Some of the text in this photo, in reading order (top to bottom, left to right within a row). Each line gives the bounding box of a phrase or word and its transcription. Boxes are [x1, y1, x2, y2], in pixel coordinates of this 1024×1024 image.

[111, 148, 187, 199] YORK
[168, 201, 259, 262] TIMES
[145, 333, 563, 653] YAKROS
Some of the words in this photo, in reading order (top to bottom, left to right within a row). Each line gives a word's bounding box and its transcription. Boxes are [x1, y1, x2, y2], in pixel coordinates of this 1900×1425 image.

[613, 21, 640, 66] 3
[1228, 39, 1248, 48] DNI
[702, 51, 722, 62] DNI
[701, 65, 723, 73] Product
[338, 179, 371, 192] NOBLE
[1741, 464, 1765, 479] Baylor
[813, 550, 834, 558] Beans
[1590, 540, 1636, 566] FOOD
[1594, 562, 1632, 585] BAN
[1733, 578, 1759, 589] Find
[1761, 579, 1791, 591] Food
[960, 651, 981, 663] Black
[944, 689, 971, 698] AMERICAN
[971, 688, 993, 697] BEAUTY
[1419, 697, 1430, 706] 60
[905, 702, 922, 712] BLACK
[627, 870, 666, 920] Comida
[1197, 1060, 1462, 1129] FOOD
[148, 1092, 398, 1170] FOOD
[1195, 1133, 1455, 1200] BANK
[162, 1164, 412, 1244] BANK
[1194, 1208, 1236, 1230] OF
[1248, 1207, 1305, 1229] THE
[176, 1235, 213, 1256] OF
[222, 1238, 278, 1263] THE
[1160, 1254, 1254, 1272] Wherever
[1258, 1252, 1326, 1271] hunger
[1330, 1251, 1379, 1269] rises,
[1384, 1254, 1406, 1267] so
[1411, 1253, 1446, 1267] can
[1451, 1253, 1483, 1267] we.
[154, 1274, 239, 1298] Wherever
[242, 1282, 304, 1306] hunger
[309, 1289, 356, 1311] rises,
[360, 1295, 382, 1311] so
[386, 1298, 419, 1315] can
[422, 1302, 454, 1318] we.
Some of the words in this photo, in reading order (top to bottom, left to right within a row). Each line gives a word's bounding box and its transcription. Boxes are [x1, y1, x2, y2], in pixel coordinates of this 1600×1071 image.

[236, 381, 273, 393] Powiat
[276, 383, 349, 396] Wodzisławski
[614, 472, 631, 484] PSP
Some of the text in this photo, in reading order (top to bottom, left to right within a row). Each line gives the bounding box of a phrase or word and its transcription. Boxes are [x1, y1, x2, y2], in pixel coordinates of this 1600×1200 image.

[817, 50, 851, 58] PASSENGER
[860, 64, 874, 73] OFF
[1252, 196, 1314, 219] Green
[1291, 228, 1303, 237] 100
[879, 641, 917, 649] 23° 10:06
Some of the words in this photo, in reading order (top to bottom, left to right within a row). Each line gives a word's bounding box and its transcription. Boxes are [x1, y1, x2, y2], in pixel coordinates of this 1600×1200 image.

TASK PROMPT
The data should be transcribed exactly, line for line.

OUTPUT
Some of the text in this photo, in reading order (top to bottom, left to right within a row). Each line gives the bounding box of a phrase or word and its transcription. Boxes are [x1, y1, x2, y2], in pixel coordinates of this 1024×1024 image.

[111, 148, 187, 199] YORK
[168, 201, 259, 262] TIMES
[145, 333, 563, 653] YAKROS
Some of the words in this photo, in reading order (top to bottom, left to right within a row). Each line gives a word's bounding box and its transcription. Boxes are [x1, y1, x2, y2], in pixel coordinates of this 1900×1425 image.

[613, 21, 640, 66] 3
[1228, 39, 1248, 48] DNI
[702, 51, 722, 62] DNI
[701, 65, 723, 73] Product
[338, 179, 371, 192] NOBLE
[1741, 464, 1765, 479] Baylor
[813, 550, 834, 558] Beans
[1590, 540, 1636, 566] FOOD
[1594, 562, 1632, 585] BAN
[1733, 578, 1759, 589] Find
[1761, 579, 1791, 591] Food
[960, 651, 981, 663] Black
[944, 689, 971, 698] AMERICAN
[971, 688, 993, 697] BEAUTY
[1419, 697, 1430, 706] 60
[905, 702, 922, 712] BLACK
[627, 870, 666, 920] Comida
[1197, 1060, 1462, 1129] FOOD
[148, 1092, 398, 1170] FOOD
[1195, 1133, 1455, 1200] BANK
[162, 1164, 412, 1244] BANK
[1194, 1208, 1236, 1230] OF
[1248, 1207, 1305, 1229] THE
[176, 1235, 213, 1256] OF
[222, 1238, 278, 1263] THE
[1160, 1254, 1254, 1272] Wherever
[1258, 1252, 1326, 1271] hunger
[1330, 1251, 1379, 1269] rises,
[1384, 1254, 1406, 1267] so
[1411, 1253, 1446, 1267] can
[1451, 1253, 1483, 1267] we.
[154, 1274, 239, 1298] Wherever
[242, 1282, 304, 1306] hunger
[309, 1289, 356, 1311] rises,
[360, 1295, 382, 1311] so
[386, 1298, 419, 1315] can
[422, 1302, 454, 1318] we.
Some of the words in this photo, in reading order (top to bottom, left to right within a row). Each line gives a word's bounding box and its transcription. Boxes are [x1, y1, x2, y2], in pixel coordinates of this 1600×1071 image.

[236, 381, 273, 393] Powiat
[276, 383, 349, 396] Wodzisławski
[614, 472, 631, 484] PSP
Some of the text in this photo, in reading order (top to bottom, left to right within a row). Each line gives the bounding box of a phrase or word and its transcription. Boxes are [x1, y1, x2, y2], in pixel coordinates of this 1600×1200 image.

[817, 50, 851, 58] PASSENGER
[860, 64, 874, 73] OFF
[1252, 196, 1314, 219] Green
[1291, 228, 1303, 237] 100
[879, 641, 917, 649] 23° 10:06
Some of the words in this photo, in reading order (top to bottom, left to right within a row). Each line gives a word's bounding box and its transcription. Boxes are [x1, y1, x2, y2], in pixel coordinates of this 1600×1200 image.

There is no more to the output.